10 ottobre, India. Tra altri cattolici, anche due suore, suor Gracy Monteiro e suor Roshni Minj, della Congregazione delle Orsoline Francescane, vengono trascinate alla stazione di polizia da una folla di estremisti indù, dove vengono trattenute per diverse ore. L’accusa nei confronti delle due consacrate? Il fatto che indossando l’abito religioso “costringevano” alla conversione al cattolicesimo.

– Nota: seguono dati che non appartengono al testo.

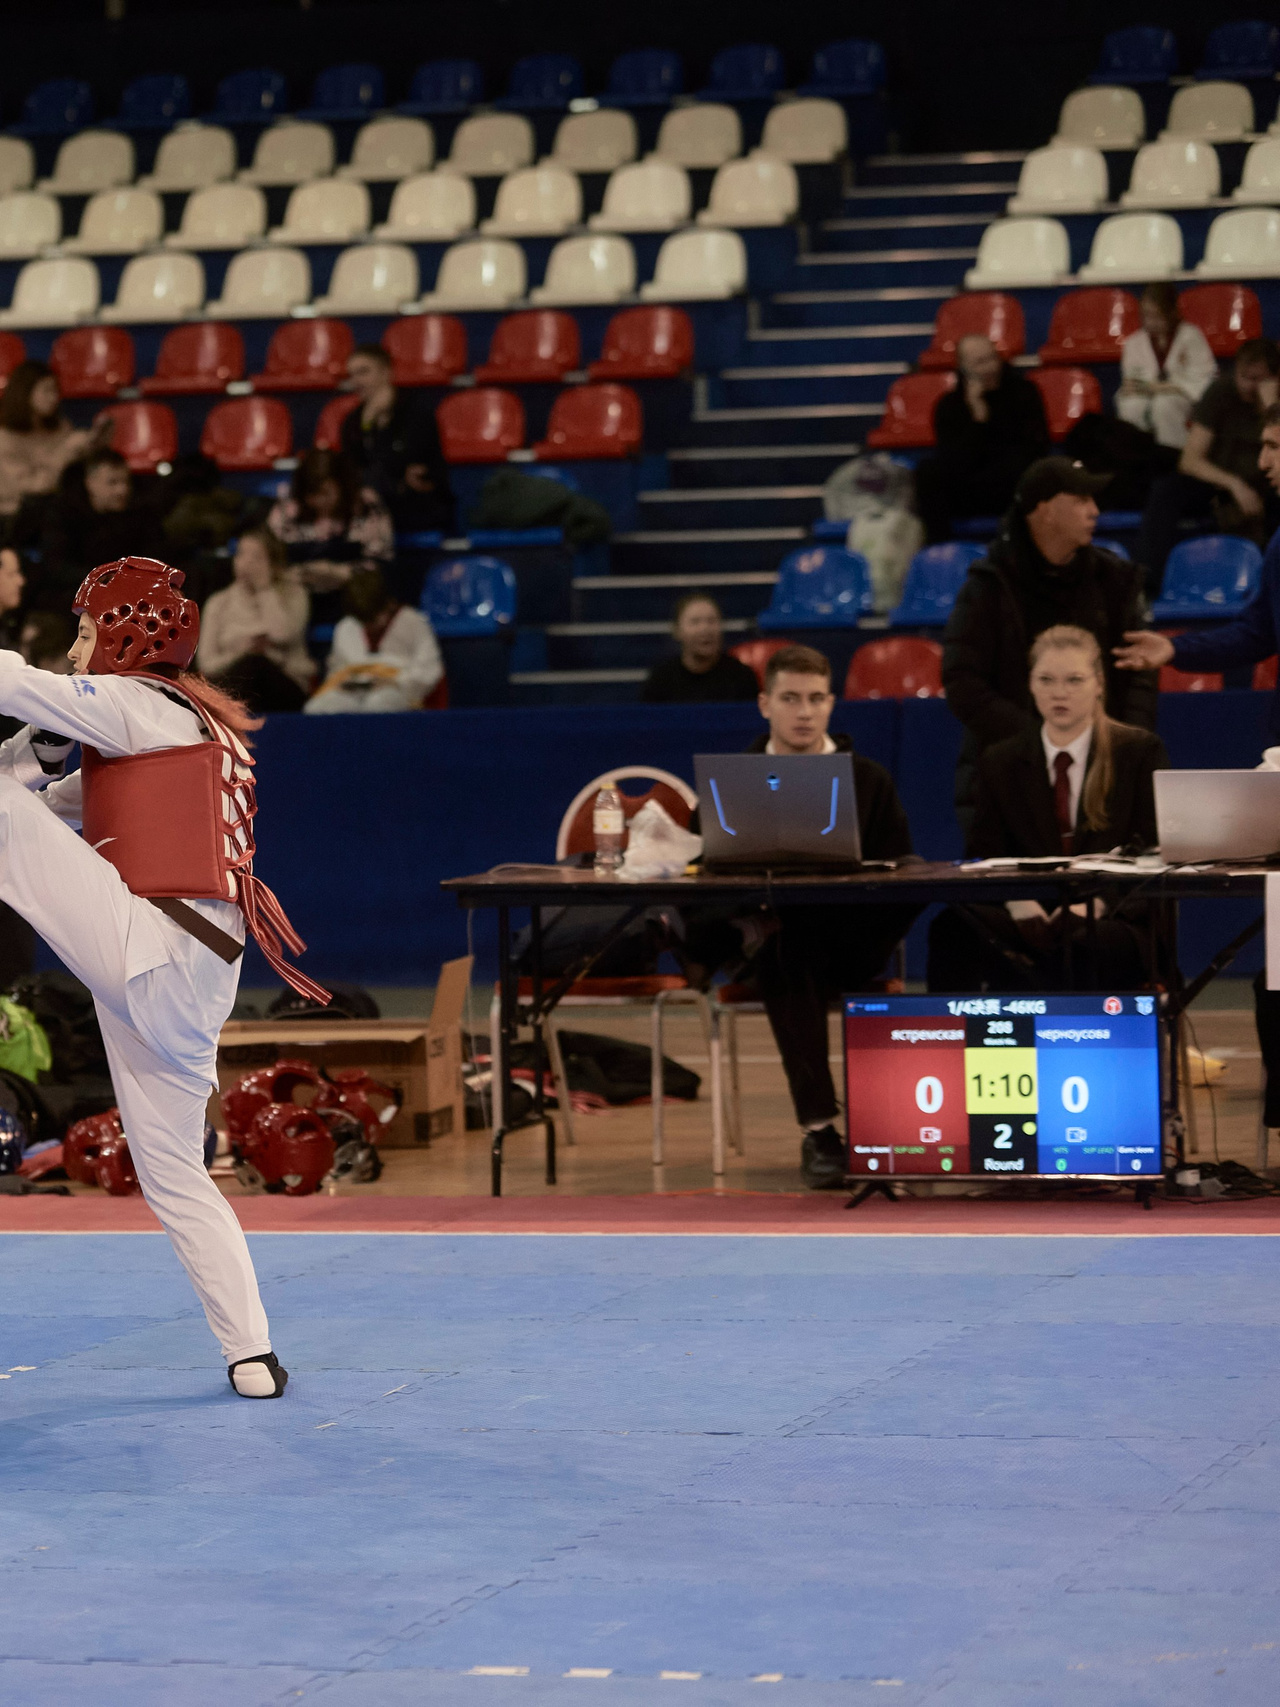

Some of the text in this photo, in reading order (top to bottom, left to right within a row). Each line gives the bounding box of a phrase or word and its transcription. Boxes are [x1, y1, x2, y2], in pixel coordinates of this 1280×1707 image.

[1002, 1000, 1046, 1014] -46KG
[1036, 1029, 1111, 1042] черноусова
[972, 1074, 1033, 1097] 1:10
[915, 1076, 943, 1113] 0
[1061, 1076, 1089, 1113] 0
[993, 1123, 1013, 1149] 2
[868, 1158, 879, 1171] 0
[941, 1158, 953, 1171] 0
[984, 1158, 1025, 1171] Round
[1056, 1158, 1067, 1171] 0
[1131, 1158, 1142, 1171] 0

Questa la versione dei fatti riportata da AciStampa, che riporta anche le parole di Sajan K. George, presidente del Global Council of Indian Christians (Gcic): «Il fatto», ha affermato, «che anche le suore siano state attaccate rivela una nuova e spiacevole evoluzione nell’attuale ondata di persecuzione anticristiana». Per poi proseguire: «Nell’attuale clima politico indiano, indossare l’abito da suora significa essere riconosciuto come “bersaglio” o “agente di conversioni” dai vigilanti di destra».
INDOSSARE L’ABITO È ININFLUENTE?
Questa vicenda mette in luce un (ennesimo) paradosso.

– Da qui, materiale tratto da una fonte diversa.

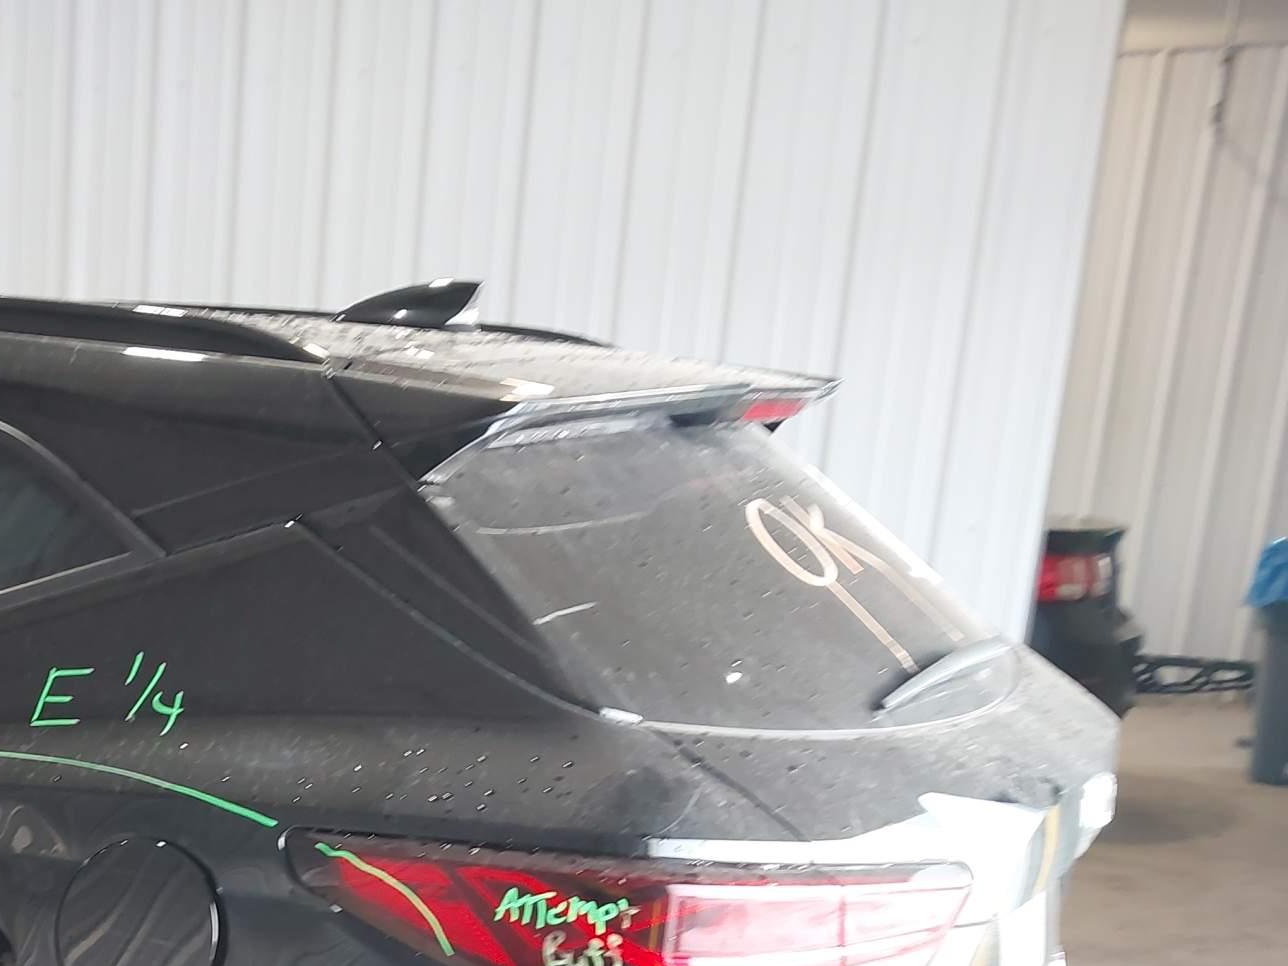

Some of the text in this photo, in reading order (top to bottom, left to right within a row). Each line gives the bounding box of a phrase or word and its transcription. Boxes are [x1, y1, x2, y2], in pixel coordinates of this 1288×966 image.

Volgiamo qui lo sguardo ai sacerdoti, in quanto maggiormente interessati dal processo di modificazione nell’abbigliamento rispetto alle suore, che nella maggior parte dei casi si sono “limitate” a togliere il velo dal capo ma che rimangono in larga misura assai distinguibili.
Oramai da decenni, in Italia ma non solo, l’abito talare è stato dismesso in favore del clergyman, nel caso migliore, oppure in favore di abiti comuni, che vanno dalle camicie (solitamente scure o bianche, ma talvolta anche hawaiane) a semplici magliette polo. Si è ritenuto che questa uniformizzazione dei sacerdoti alla gente comune favorisse l’incontro, il dialogo, desse prova di un’apertura. Ma non tutti la pensano così, e in questo sta il paradosso: come emerge dalla vicenda riportata in apertura, la talare non solo non è un ostacolo alla fede, ma anzi svolge addirittura una possibile funzione di riavvicinamento alla Chiesa, di conversione del cuore e della mente.
Quale riflessione si può trarre da tutto questo, quindi? Prima di avanzare una proposta di lettura, è necessario fugare forse la più immediata e probabile obiezione che, parafrasando un noto proverbio popolare, ruota attorno all’affermazione che «l’abito talare non fa il prete». Questo è vero ed è sotto gli occhi di tutti, nella consapevolezza che la Chiesa è abitata da uomini per loro stessa natura limitati. Tuttavia la realtà ci dice anche altro: stando alle testimonianze, ma anche all’esperienza personale di ognuno, è innegabile che vedere un prete “vestito da prete”, soprattutto nel contesto odierno in cui è un’evenienza sempre più rara, è fonte di riflessione anche per chi è lontano dalla fede, è una sorta di “segno distintivo” che funge da testimonianza pubblica di fede e rimanda a un ruolo ben preciso e chiaro nella mente di ognuno. Tanto che, talvolta, ovviamente con la Grazia di Dio, l’incontro anche fortuito con un prete vestito in talare può anche in un dialogo, in un riavvicinamento alla Chiesa, a Dio.
Tornando quindi all’obiezione iniziale rispetto all’abito: non è la talare a fare un buon sacerdote, su questo c’è poco da discutere, ma è altrettanto vero che questo non dipende dall’abito in sé, quanto dalla dignità e dalla consapevolezza con cui questo viene portato. La talare non è un orpello, come non è tale la divisa per un poliziotto o per un pompiere oppure un camice per un medico o un infermiere: la talare è un segno di riconoscimento e di testimonianza di fronte al mondo di un ruolo che l’eletto del Signore è stato chiamato, vocato, a svolgere «in aeternum»; e, di contro, è anche un monito per chi la indossa, affinché non dimentichi il suo essere pastore di tutte le pecorelle del Signore in ogni attimo della propria esistenza.
Ecco, quindi, che portare o meno il lungo abito nero non è una scelta ininfluente, né per il mondo, né per il prete stesso.